そうなってから「行こう」と思っても、簡単じゃない。引きはがすのむちゃくちゃ痛いと思うし…最悪、あんたがあんたじゃなくなる。

…アタシは、あんたのなけなしの尊厳を守ってやりたいんだ。分かってよ」

口の中でぼそぼそと呟くような口調ではあるが…その少女が、その「影」に対してかける言葉に、偽りの感情は無さそうだった。
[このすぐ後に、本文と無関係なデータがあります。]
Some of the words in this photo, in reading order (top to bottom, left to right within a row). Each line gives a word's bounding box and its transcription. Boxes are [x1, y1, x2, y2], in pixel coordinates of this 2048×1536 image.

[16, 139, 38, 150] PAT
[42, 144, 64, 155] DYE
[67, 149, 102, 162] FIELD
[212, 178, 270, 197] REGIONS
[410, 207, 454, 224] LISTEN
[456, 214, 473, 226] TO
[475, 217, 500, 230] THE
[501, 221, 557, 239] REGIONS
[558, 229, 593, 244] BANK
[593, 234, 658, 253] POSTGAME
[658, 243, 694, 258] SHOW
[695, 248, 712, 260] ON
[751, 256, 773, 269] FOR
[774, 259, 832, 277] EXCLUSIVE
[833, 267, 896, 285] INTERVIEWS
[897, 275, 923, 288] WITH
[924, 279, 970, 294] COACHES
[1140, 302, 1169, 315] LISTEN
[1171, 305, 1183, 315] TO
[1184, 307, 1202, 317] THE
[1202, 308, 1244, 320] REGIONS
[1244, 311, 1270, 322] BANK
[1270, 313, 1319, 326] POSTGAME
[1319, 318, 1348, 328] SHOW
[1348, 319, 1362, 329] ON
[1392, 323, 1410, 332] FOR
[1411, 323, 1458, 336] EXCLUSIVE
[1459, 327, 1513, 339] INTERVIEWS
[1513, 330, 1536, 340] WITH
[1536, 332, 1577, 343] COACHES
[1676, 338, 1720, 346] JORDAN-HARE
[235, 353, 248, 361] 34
ショートカットの少女 > 「影」は、なおもの言いたげに口をぱくぱくと開閉したが…やがて、こくんと頷いた。

「………ホントにごめん、助けてあげられなくて」

その様子を見て、ショートカットの少女も俯く。
…が、それも少しの間だ。周囲の気配を感じて、その眠そうな瞳の奥に剣呑な光を宿す。
そして、周囲を見回しながら

「邪魔すんじゃねーよ、「雑魚共」。
大人しく順番待ちしてりゃ痛くしないから、どっか行ってろ」

と、少女らしい声を、少しだけ張って毒づいた。
少し前に、怪異のなりそこないのようなものが大量発生する騒動があったらしく…委員会が討伐にあたっているものの、残党があちこちで蠢いているのだ。
…そして、残党の一部には力あるもの、形あるものを取り込んで力を伸ばそうという性質の悪いものがいるのだ。
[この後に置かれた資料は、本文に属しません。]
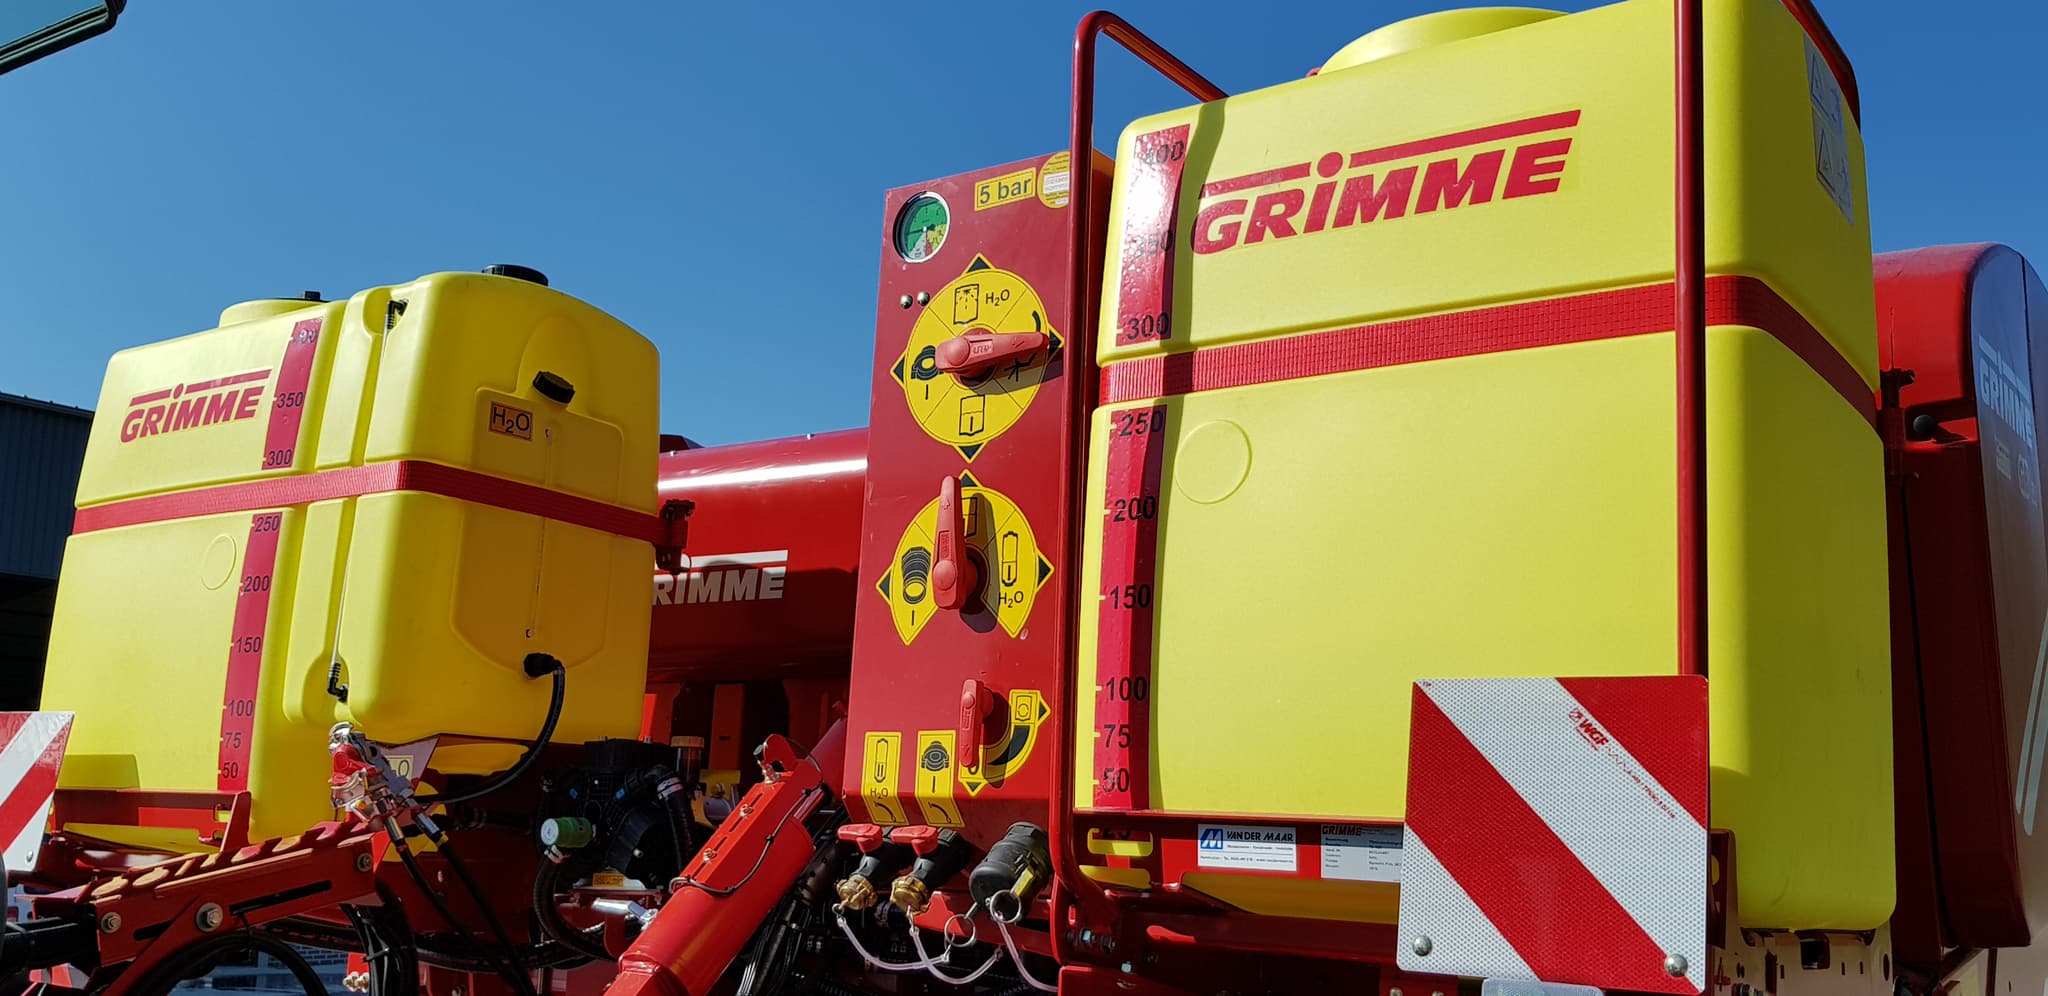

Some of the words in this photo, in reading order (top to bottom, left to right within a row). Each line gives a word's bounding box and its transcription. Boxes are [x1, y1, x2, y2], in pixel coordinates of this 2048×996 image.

「少女」が、この「影」が追ってほしいと願っている存在を追うことを優先出来ないのも、この「影」がそれらの性質の悪いものに取り込まれる事態を避けたいがためだ。

ショートカットの少女 > 無論、彼らは痛かろうが痛くなかろうが「見送られ」たくはないわけで。
半分くらいは逃げたが、残り半分はいよいよ「少女」と…彼女の向こうにいる「影」に飛びつこうとしてきた。

「チッ」

舌打ちした少女は、自分が身につけている魔術防御術式を自分と「影」を守るように障壁として展開し…その向こう側に、白い小さな石をポケットから取り出して放った。
その小さな石が地面に落ちると、強い光を発する。

性質の悪いもの達で、その石の近くにいたものは「消えた」。
残りも、めいめいの聞こえぬ悲鳴をあげながら遠ざかっていった。

「…だからどっか行ってろっつったんだ。

………ごめん、邪魔が入った」

背の向こうに毒づいてから、少女は再び「影」の方に向き直った。

ショートカットの少女 > 「………あんたが自然の流れに還った後…幸せになれるように願ってるよ。
アタシには、「見送って」そうすることしか出来ないから」

展開していた障壁を引っ込めて、「影」に向かってそう言った少女は、静かに目を閉じた。
先ほどから眠そうな顔つきをしてはいたが…魔術の素養があるものならば、少女が魔術を行使するべく、意識を集中させているのが分かるだろう。

「…汝、この世にて寄る辺を失いしもの…」

詠唱をする、少女の声が先ほどまでと変わる。
先ほどまでは、あえてあの喋り方をしていたものらしい。詠唱を始めた少女の声は、粛然としながらも少女らしい高さで透き通っていた。

ショートカットの少女 > 「大いなる世界の流れに還り、抱かれて愛に揺られよ…」

そこまで詠唱をして、少女は再度目を開いて、「影」の方をまっすぐに見つめた。

「『浄化(ピュリフィカシオン)』」

そう、静謐な声で少女が唱えると…「影」は、白い柔らかな光に包まれ…
そして、その姿を消した。

ショートカットの少女 > 「………」

その場に残ったのは、ショートカットの少女ただ一人。
眠そうな目つきの奥に怜悧な光を宿して…「影」の名残だと思われる血の跡を見つめていた。

(………出来る限り、追跡しておきましょう)

そんなことを考えて、「少女」は…いや、「少女」に身をやつしたその人物は、その路地裏から歩き去っていった。

ご案内:「落第街の路地裏」からショートカットの少女さんが去りました。